* **WHAT IS NEEDED**:
The full set of lines below has to be duplicated exactly, with no picture kept.

Source records
----
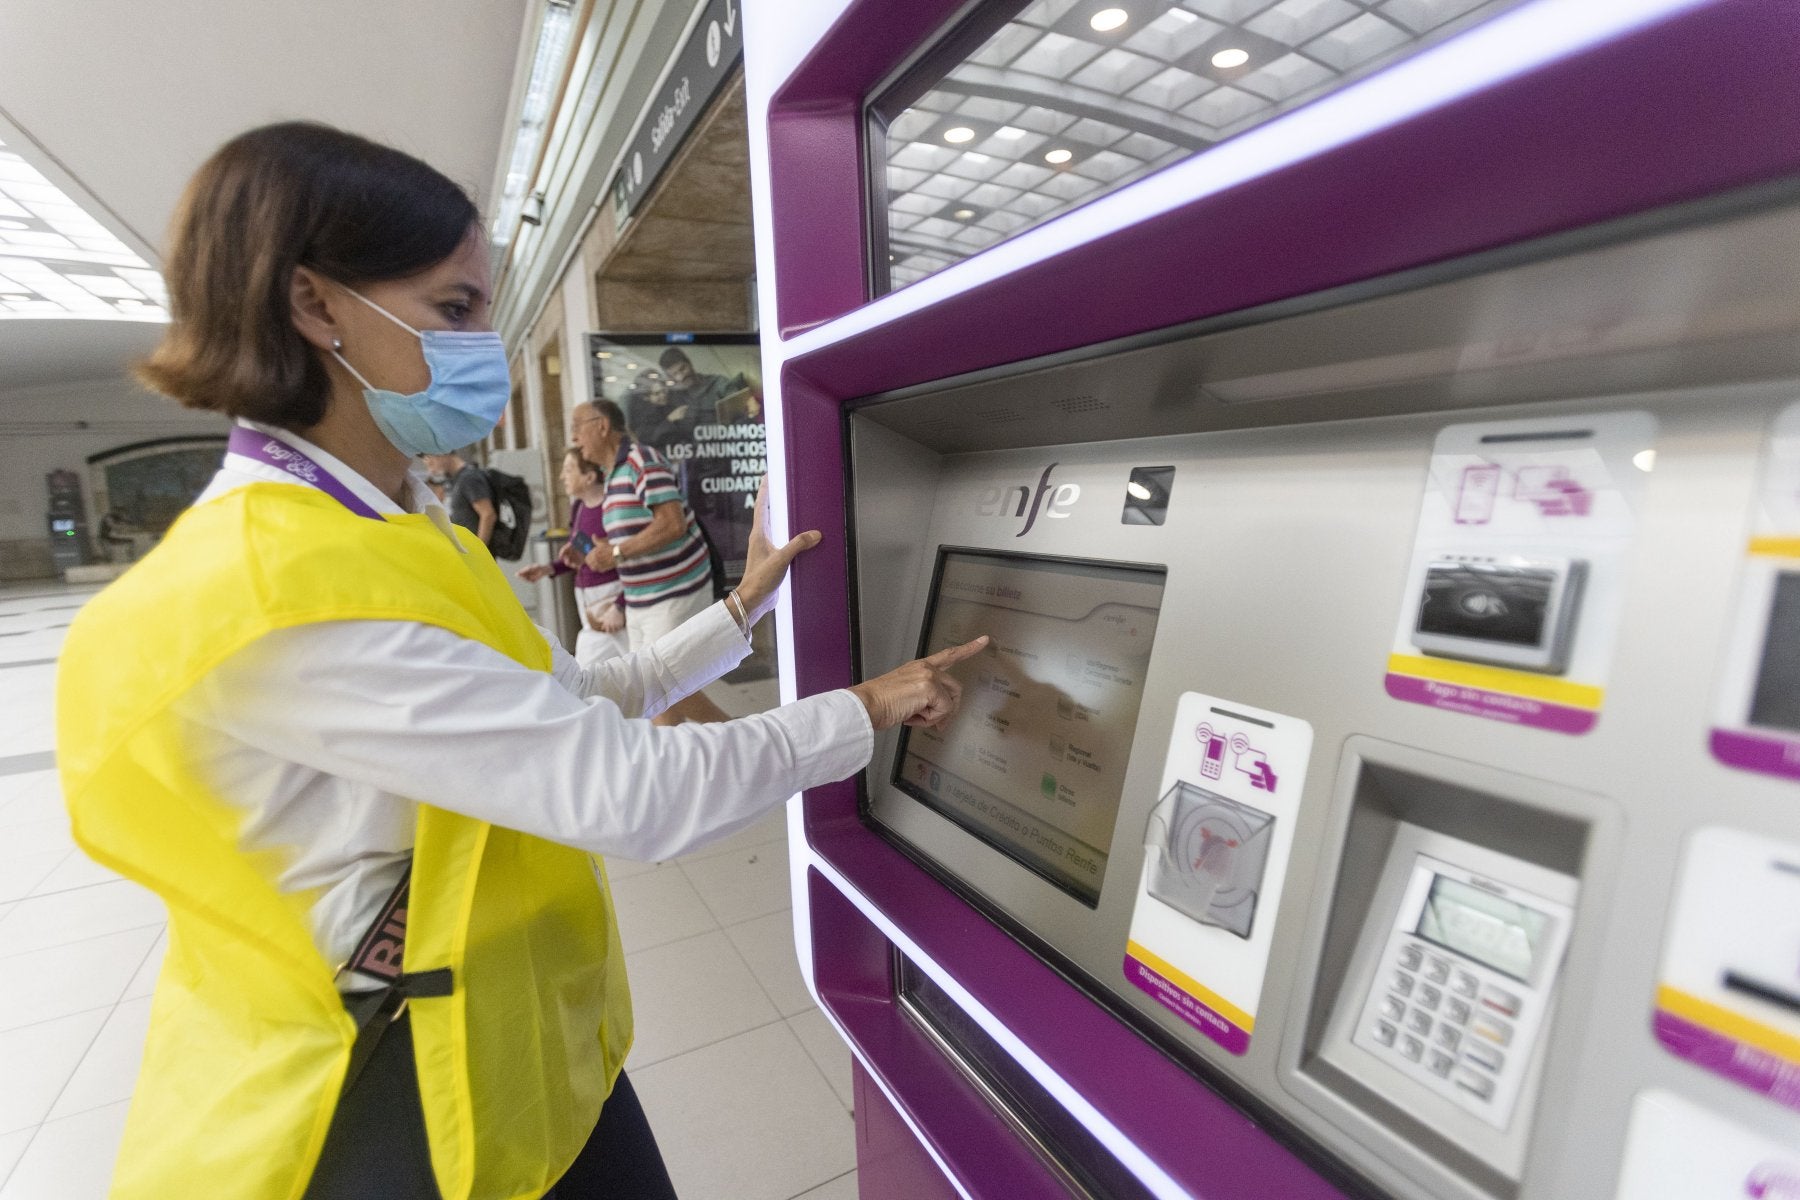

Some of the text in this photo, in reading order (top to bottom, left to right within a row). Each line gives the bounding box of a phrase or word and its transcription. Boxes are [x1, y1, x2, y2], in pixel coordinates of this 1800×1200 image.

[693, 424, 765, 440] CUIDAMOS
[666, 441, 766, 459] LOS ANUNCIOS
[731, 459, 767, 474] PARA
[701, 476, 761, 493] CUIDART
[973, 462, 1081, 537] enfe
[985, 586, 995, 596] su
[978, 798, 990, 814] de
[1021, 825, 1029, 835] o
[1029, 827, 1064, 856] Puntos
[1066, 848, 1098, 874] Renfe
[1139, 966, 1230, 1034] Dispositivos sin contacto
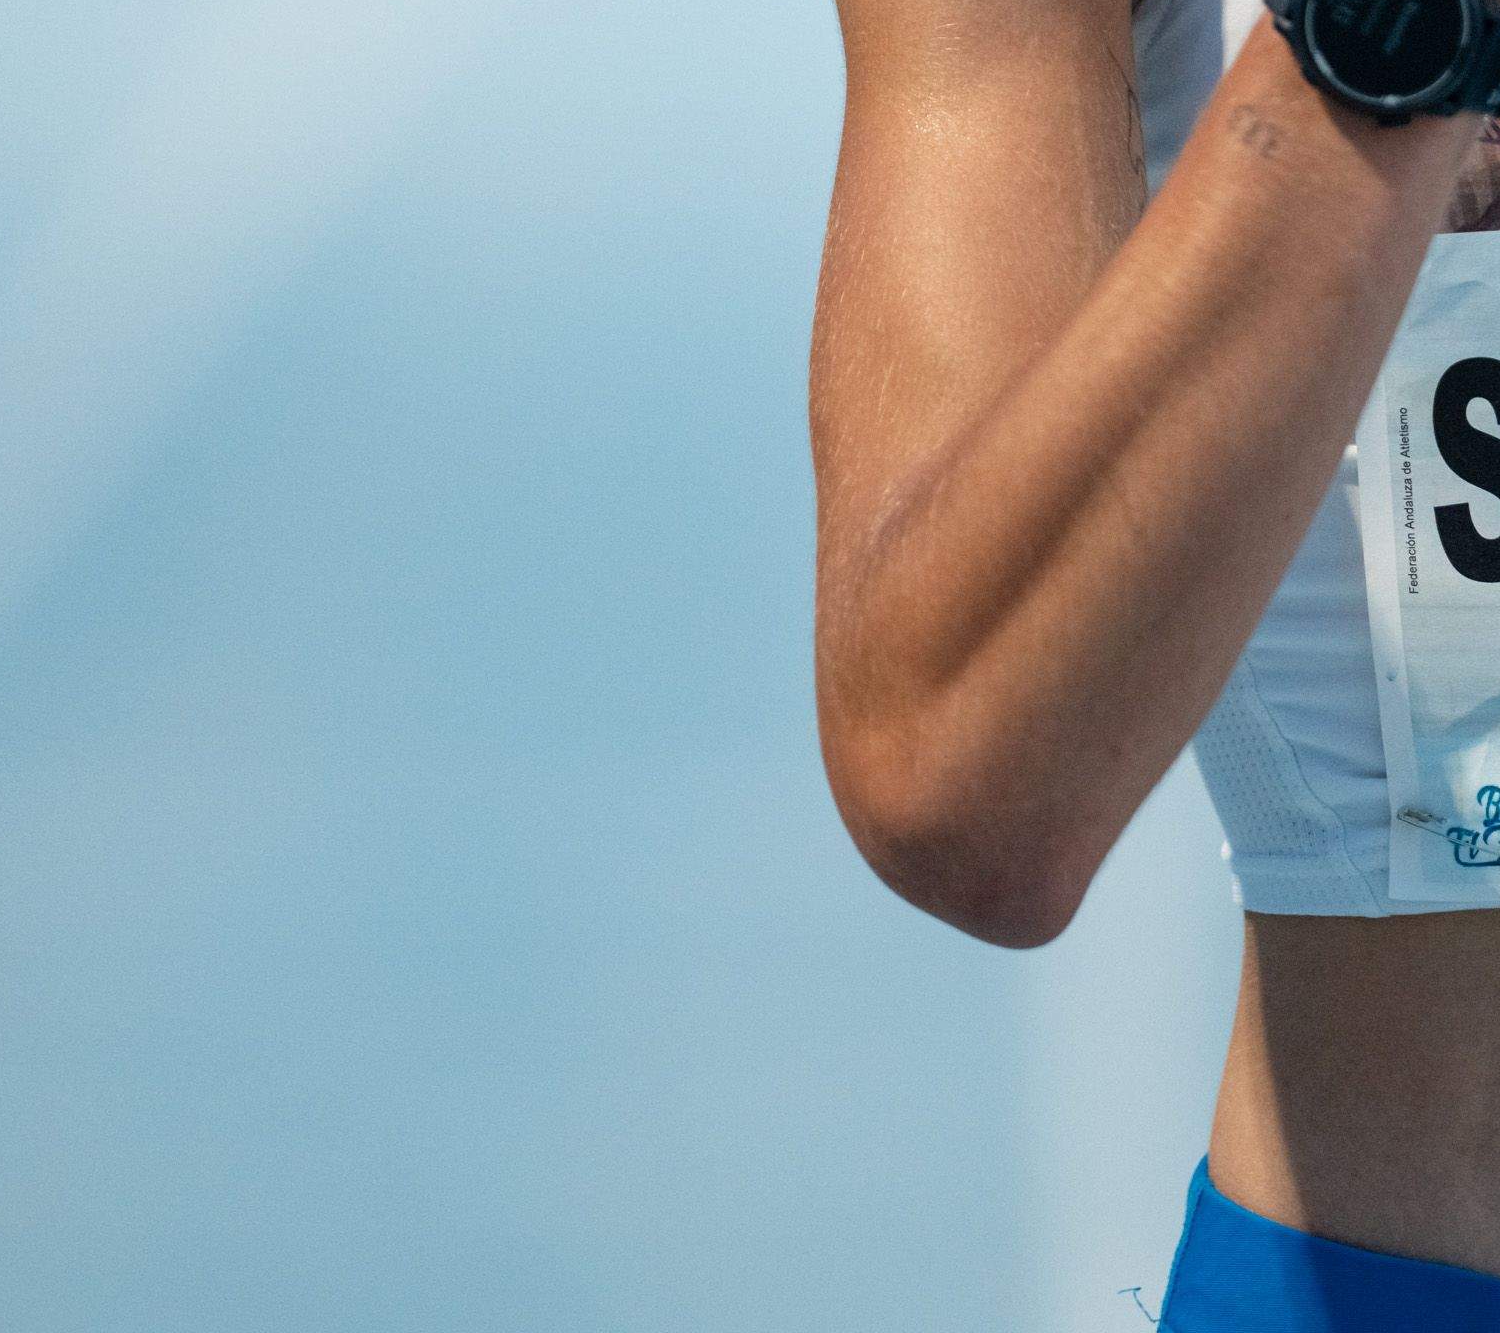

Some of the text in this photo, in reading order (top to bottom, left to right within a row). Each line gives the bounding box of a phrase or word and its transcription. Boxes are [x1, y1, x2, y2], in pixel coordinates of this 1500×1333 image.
----
* **RESPONSE TO THIS EXERCISE**:
Some of the text in this photo, in reading order (top to bottom, left to right within a row). Each line gives the bounding box of a phrase or word and its transcription. Boxes are [x1, y1, x2, y2], in pixel coordinates of this 1800×1200 image.

[693, 424, 765, 440] CUIDAMOS
[666, 441, 766, 459] LOS ANUNCIOS
[731, 459, 767, 474] PARA
[701, 476, 761, 493] CUIDART
[973, 462, 1081, 537] enfe
[985, 586, 995, 596] su
[978, 798, 990, 814] de
[1021, 825, 1029, 835] o
[1029, 827, 1064, 856] Puntos
[1066, 848, 1098, 874] Renfe
[1139, 966, 1230, 1034] Dispositivos sin contacto

Some of the text in this photo, in reading order (top to bottom, left to right within a row). Each line gives the bounding box of a phrase or word and its transcription. Boxes are [x1, y1, x2, y2], in pixel coordinates of this 1500×1333 image.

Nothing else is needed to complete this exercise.